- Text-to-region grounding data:
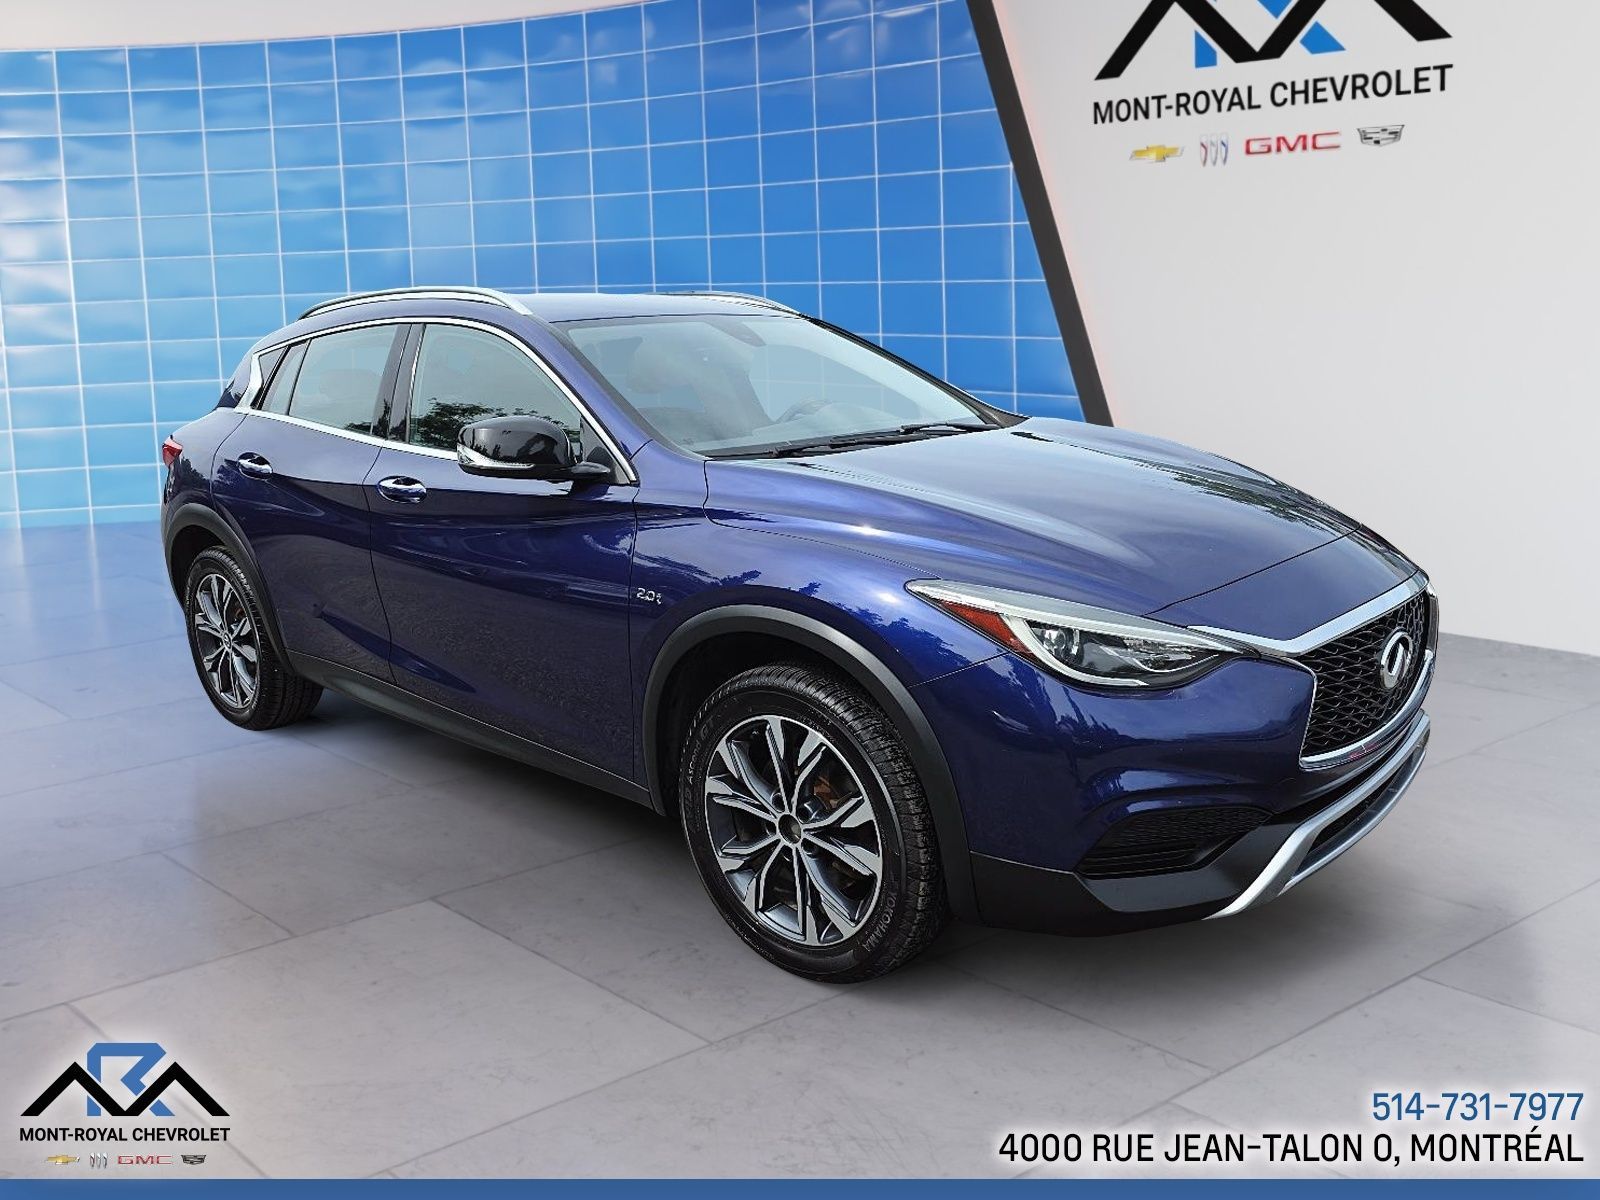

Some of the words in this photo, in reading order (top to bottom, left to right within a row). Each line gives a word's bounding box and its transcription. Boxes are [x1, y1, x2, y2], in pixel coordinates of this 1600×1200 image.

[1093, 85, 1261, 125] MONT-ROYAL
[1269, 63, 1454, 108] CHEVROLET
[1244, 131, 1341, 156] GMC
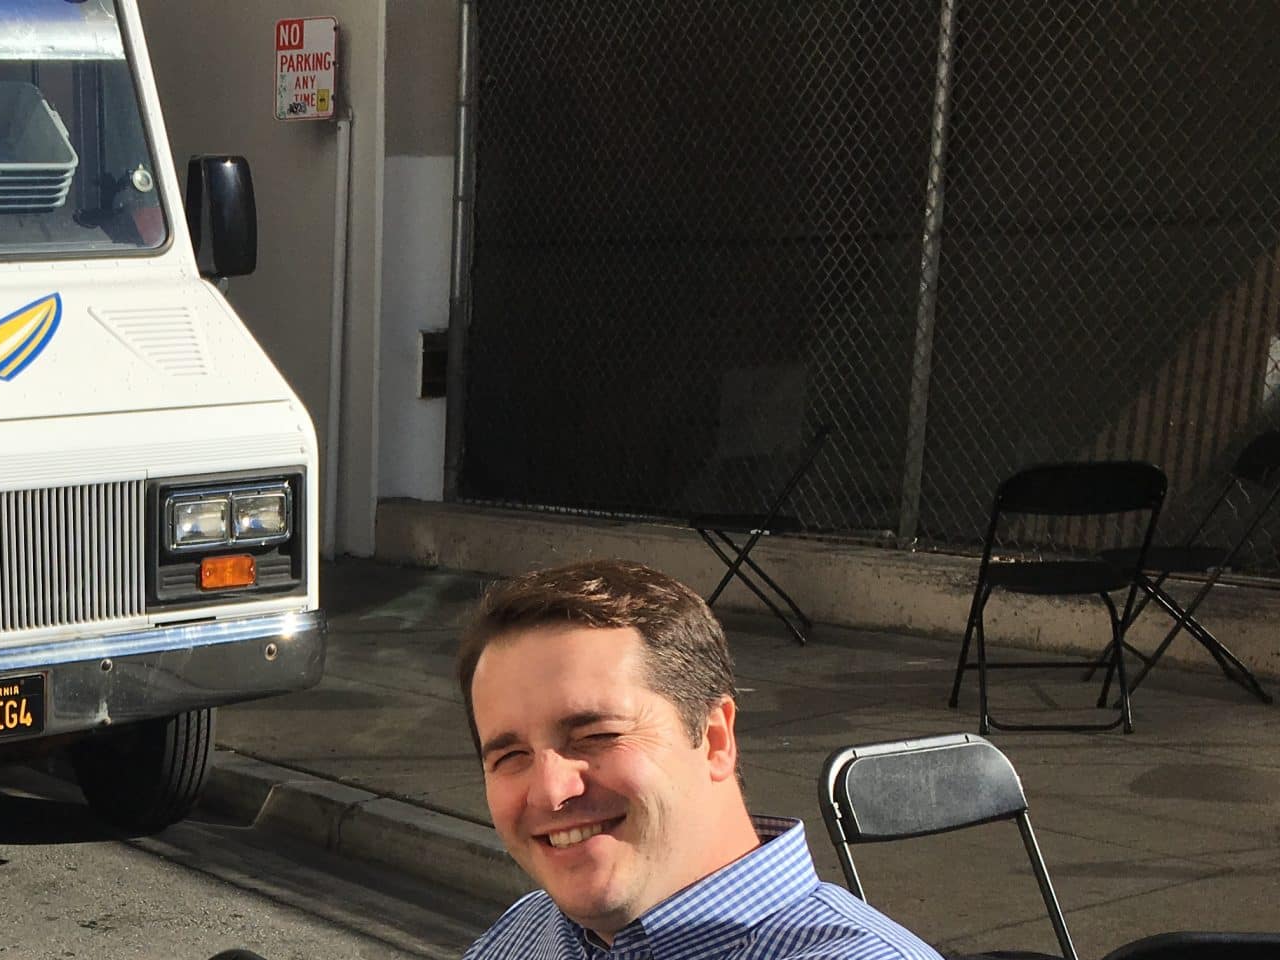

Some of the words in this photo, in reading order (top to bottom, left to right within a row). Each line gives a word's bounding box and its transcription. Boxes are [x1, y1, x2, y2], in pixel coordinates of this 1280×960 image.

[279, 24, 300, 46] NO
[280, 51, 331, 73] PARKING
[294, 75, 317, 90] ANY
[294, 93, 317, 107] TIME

- WORK ORDER: Exactly the lines from the one containing "this 1280×960 image." through the end of the records above are to be printed, and no others.

- ANSWER TO THE PROBLEM:
Some of the words in this photo, in reading order (top to bottom, left to right within a row). Each line gives a word's bounding box and its transcription. Boxes are [x1, y1, x2, y2], in pixel coordinates of this 1280×960 image.

[279, 24, 300, 46] NO
[280, 51, 331, 73] PARKING
[294, 75, 317, 90] ANY
[294, 93, 317, 107] TIME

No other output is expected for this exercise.